Two classic Melbourne pubs set to make way for apartment developments

Two classic Melbourne pubs set to make way for apartment developments
Two classic Melbourne pubs set to make way for apartment developments

The venerable Melbourne institution otherwise known as the local pub continues to feel the pinch as the lure of apartment living looks set to account for two more well known venues.

Latest to be earmarked for demolition is South Melbourne's Palmerston Hotel which many Melburnians would have driven past at one point or another, given its position on Kings Way. First licensed during 1876, current proponents Max Group Capital 2 Pty Ltd have applied to replace the existing dual level venue which is defined externally by a number of murals.

In the pub's place would rise a building of 55 apartments.

Two classic Melbourne pubs set to make way for apartment developments
51-59 Palmerston Crescent, South Melbourne.
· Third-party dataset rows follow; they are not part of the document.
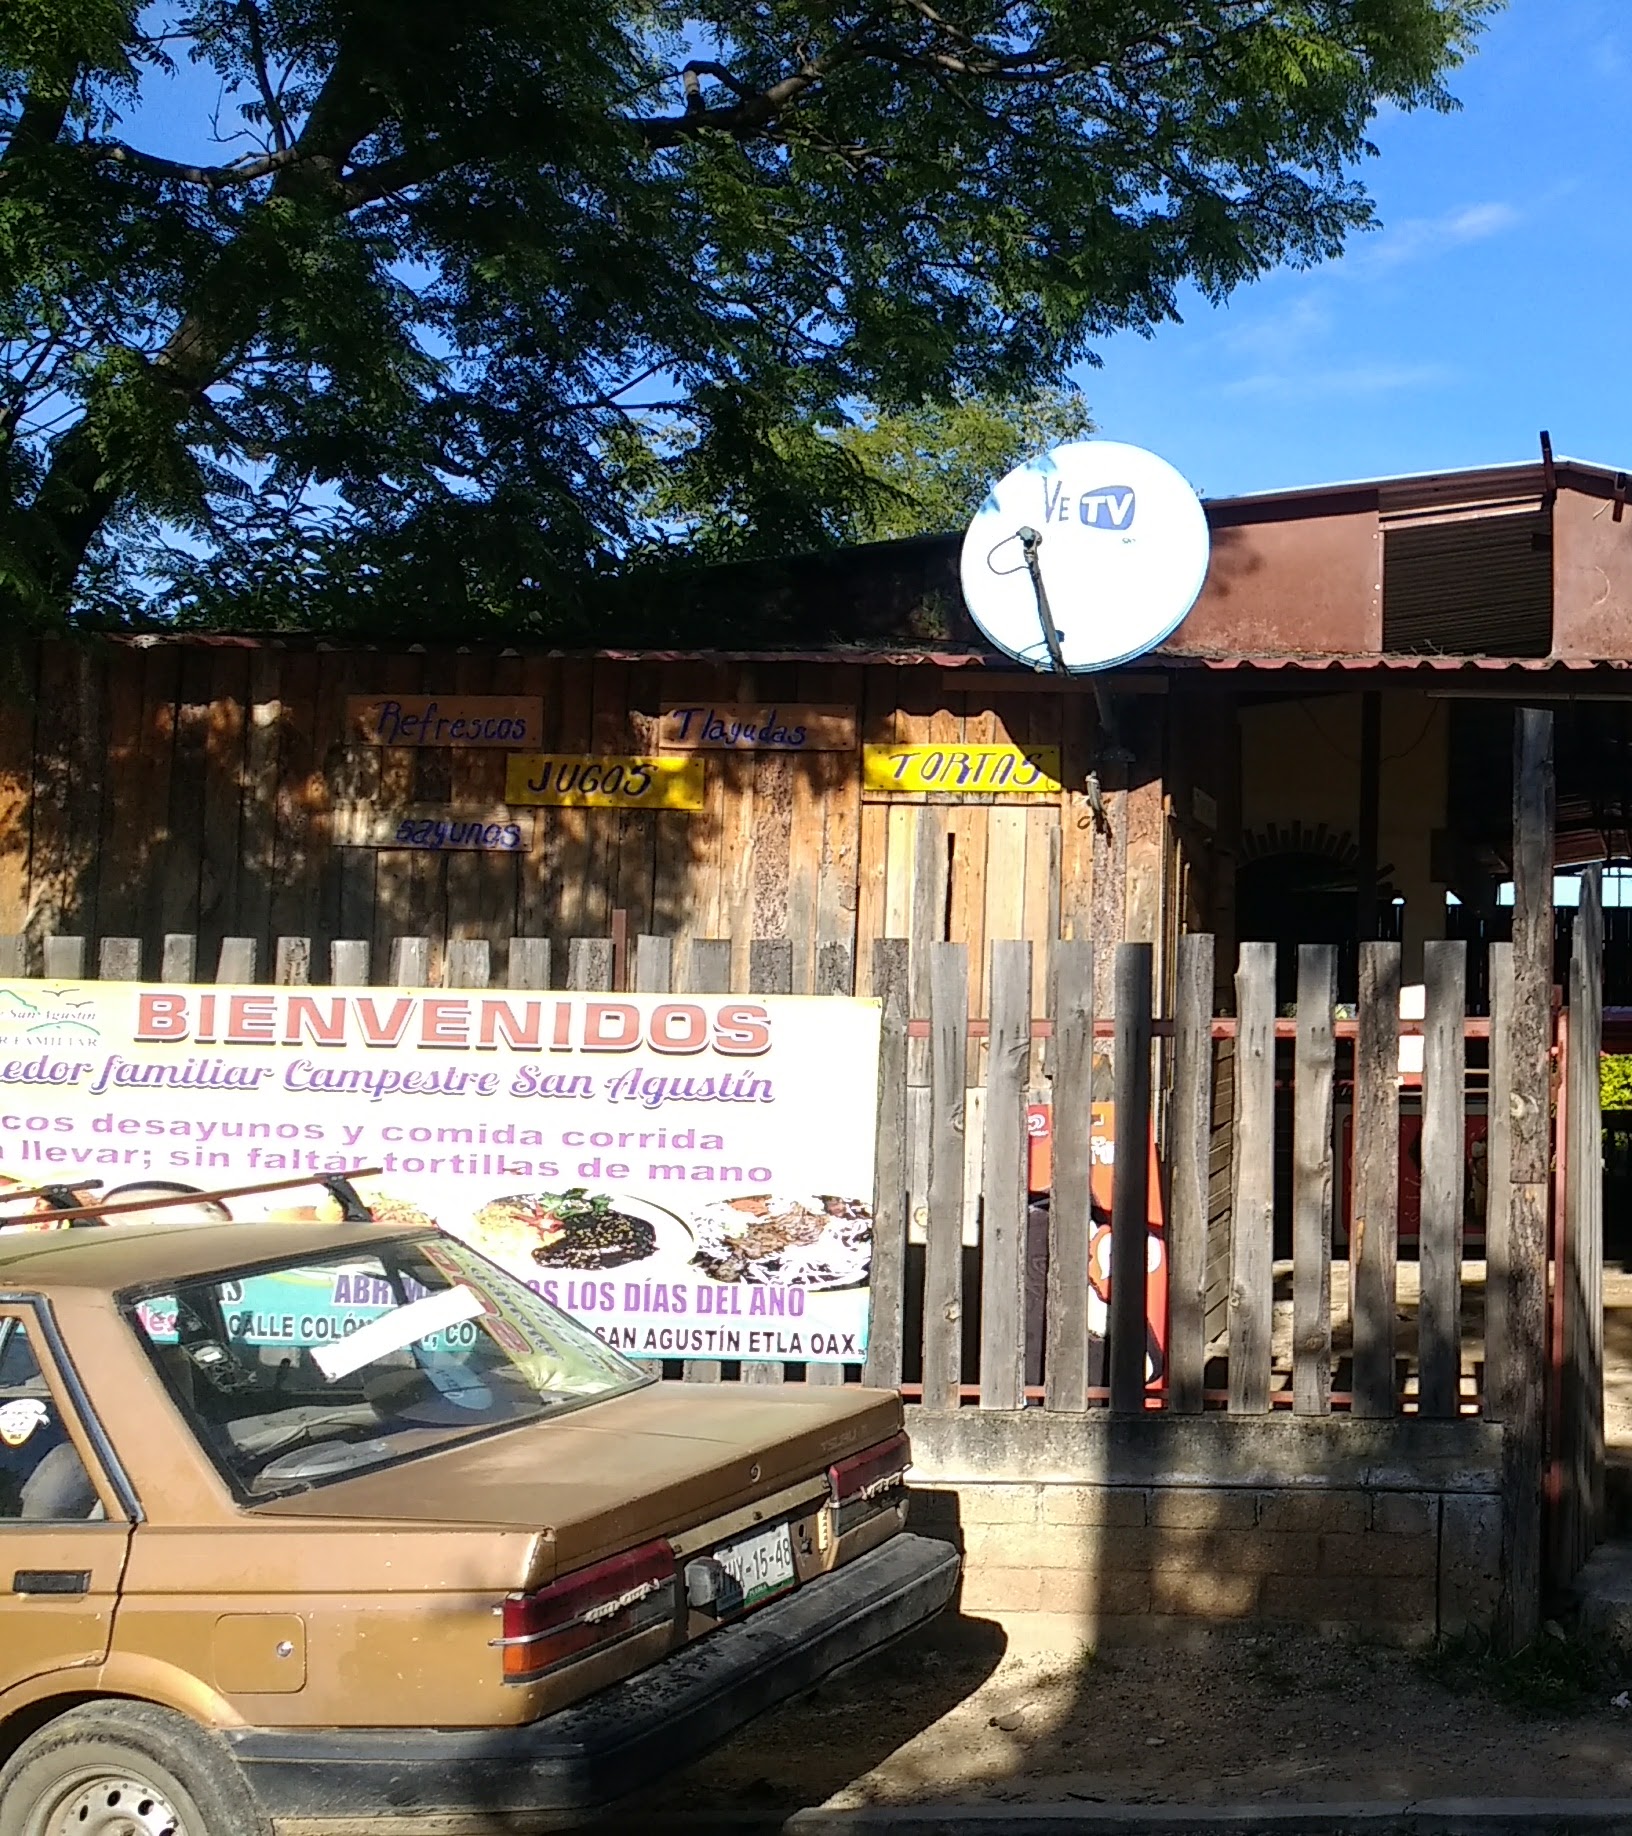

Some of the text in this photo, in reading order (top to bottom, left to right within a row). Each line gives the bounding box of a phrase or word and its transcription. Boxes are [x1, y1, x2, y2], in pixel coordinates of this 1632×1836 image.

[1082, 493, 1133, 525] TV
[376, 701, 527, 744] Refrescos
[673, 708, 806, 745] Tlayudas
[528, 762, 659, 796] JUGOS
[890, 751, 1043, 785] TORTAS
[134, 992, 773, 1054] BIENVENIDOS
[89, 1055, 275, 1095] familiar
[283, 1059, 498, 1101] Campestre
[510, 1064, 593, 1099] San
[606, 1067, 776, 1108] Agustín
[92, 1113, 325, 1143] desayunos
[342, 1126, 365, 1146] y
[381, 1121, 545, 1147] comida
[562, 1126, 725, 1151] corrida
[22, 1140, 150, 1169] llevar;
[169, 1146, 230, 1168] sin
[247, 1148, 368, 1170] faltar
[383, 1152, 559, 1178] tortillas
[577, 1156, 630, 1181] de
[648, 1164, 774, 1184] mano
[568, 1280, 615, 1311] LOS
[624, 1277, 687, 1314] DÍAS
[696, 1284, 742, 1315] DEL
[749, 1280, 805, 1317] AÑO
[229, 1315, 293, 1337] CALLE
[594, 1326, 637, 1349] SAN
[643, 1325, 740, 1353] AGUSTÍN
[749, 1332, 803, 1354] ETLA
Planning application image: DKO Architecture

Designed by DKO Architecture, the proposal addressed 51-59 Palmerston Crescent, South Melbourne would span 10 storeys and include 24 x 1 bed, 28 x 2 bed and 3 x 3 bed dwellings.

In documents lodged with City of Port Phillip, DKO Architecture describe the proposal as "functional, responsive to its corner location and respectful of transition in built form height, also expresses exemplary creativity and innovation in design. It will be a prominent building of high architectural within the Kings Way setting.
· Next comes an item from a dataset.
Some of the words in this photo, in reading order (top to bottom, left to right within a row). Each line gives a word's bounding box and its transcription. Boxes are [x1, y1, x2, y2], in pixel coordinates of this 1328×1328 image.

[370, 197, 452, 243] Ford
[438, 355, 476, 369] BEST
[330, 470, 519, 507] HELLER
In this regard the building itself is considered to satisfy urban art Principles 1 and 2 by: - Providing creative and innovative built form in a highly visible location; - Contributing to the identity of place by contributing the diversity of built form along the Kings Way corridor; and - the proposal holds aesthetic appeal and will be a functional streetscape element."

Two classic Melbourne pubs set to make way for apartment developments
Port Melbourne's The London under a new guise. Image: b.e architecture/Decibel Architecture

Palmerston Hotel's apparent demise follows on from Port Melbourne's London Hotel which is subject to a luxury apartment proposal. Diagonally opposite Station Pier, the watering hole and restaurant is intending to cash in on its premier location and associated premium dollar attached to apartments in the area under the plans of developer TAB Developments Pty Ltd.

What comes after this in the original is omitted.